## Given data:
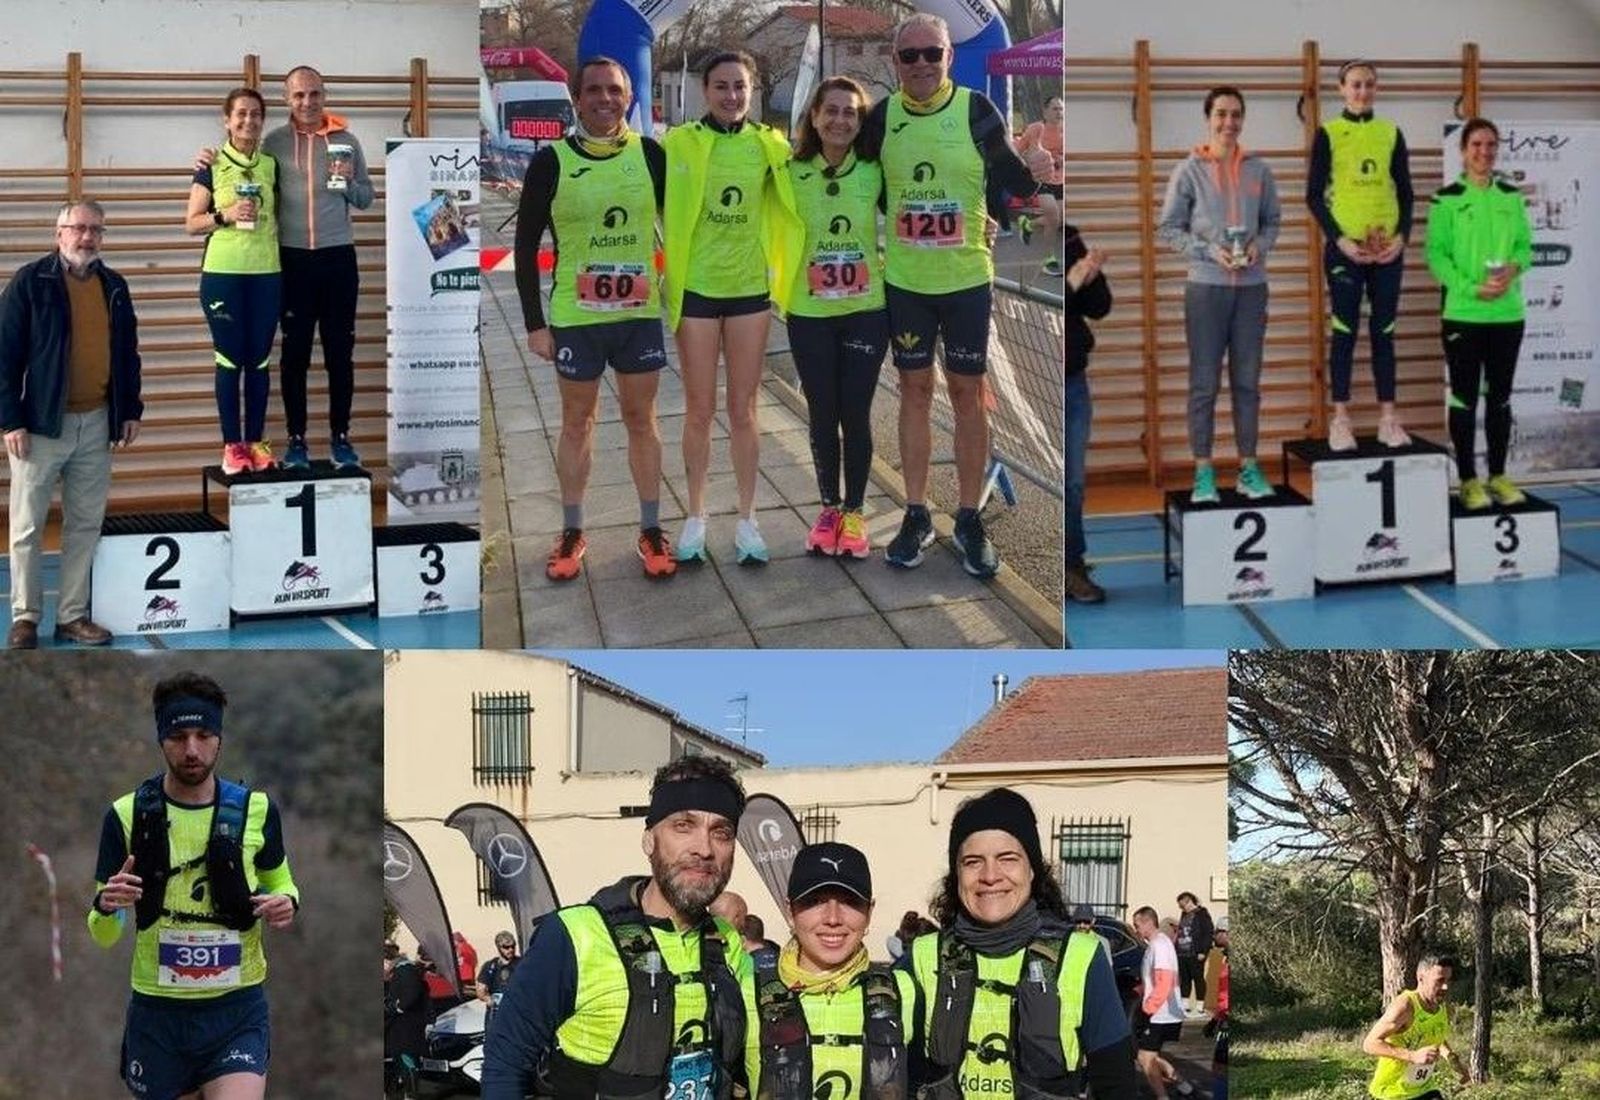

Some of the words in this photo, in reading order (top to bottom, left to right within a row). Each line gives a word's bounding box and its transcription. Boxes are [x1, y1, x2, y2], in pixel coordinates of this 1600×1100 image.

[900, 188, 947, 201] Adarsa
[707, 211, 748, 224] Adarsa
[900, 212, 956, 236] 120
[589, 233, 638, 249] Adarsa
[595, 274, 634, 299] 60
[822, 263, 857, 288] 30
[1365, 460, 1396, 528] 1
[285, 484, 317, 556] 1
[1233, 511, 1267, 561] 2
[1494, 515, 1520, 554] 3
[145, 536, 180, 590] 2
[420, 543, 446, 586] 3
[176, 946, 220, 968] 391

## Exercise requirements:
This exercise calls for a verbatim output of the entries, pictures omitted.

## Solution to the problem:
Some of the words in this photo, in reading order (top to bottom, left to right within a row). Each line gives a word's bounding box and its transcription. Boxes are [x1, y1, x2, y2], in pixel coordinates of this 1600×1100 image.

[900, 188, 947, 201] Adarsa
[707, 211, 748, 224] Adarsa
[900, 212, 956, 236] 120
[589, 233, 638, 249] Adarsa
[595, 274, 634, 299] 60
[822, 263, 857, 288] 30
[1365, 460, 1396, 528] 1
[285, 484, 317, 556] 1
[1233, 511, 1267, 561] 2
[1494, 515, 1520, 554] 3
[145, 536, 180, 590] 2
[420, 543, 446, 586] 3
[176, 946, 220, 968] 391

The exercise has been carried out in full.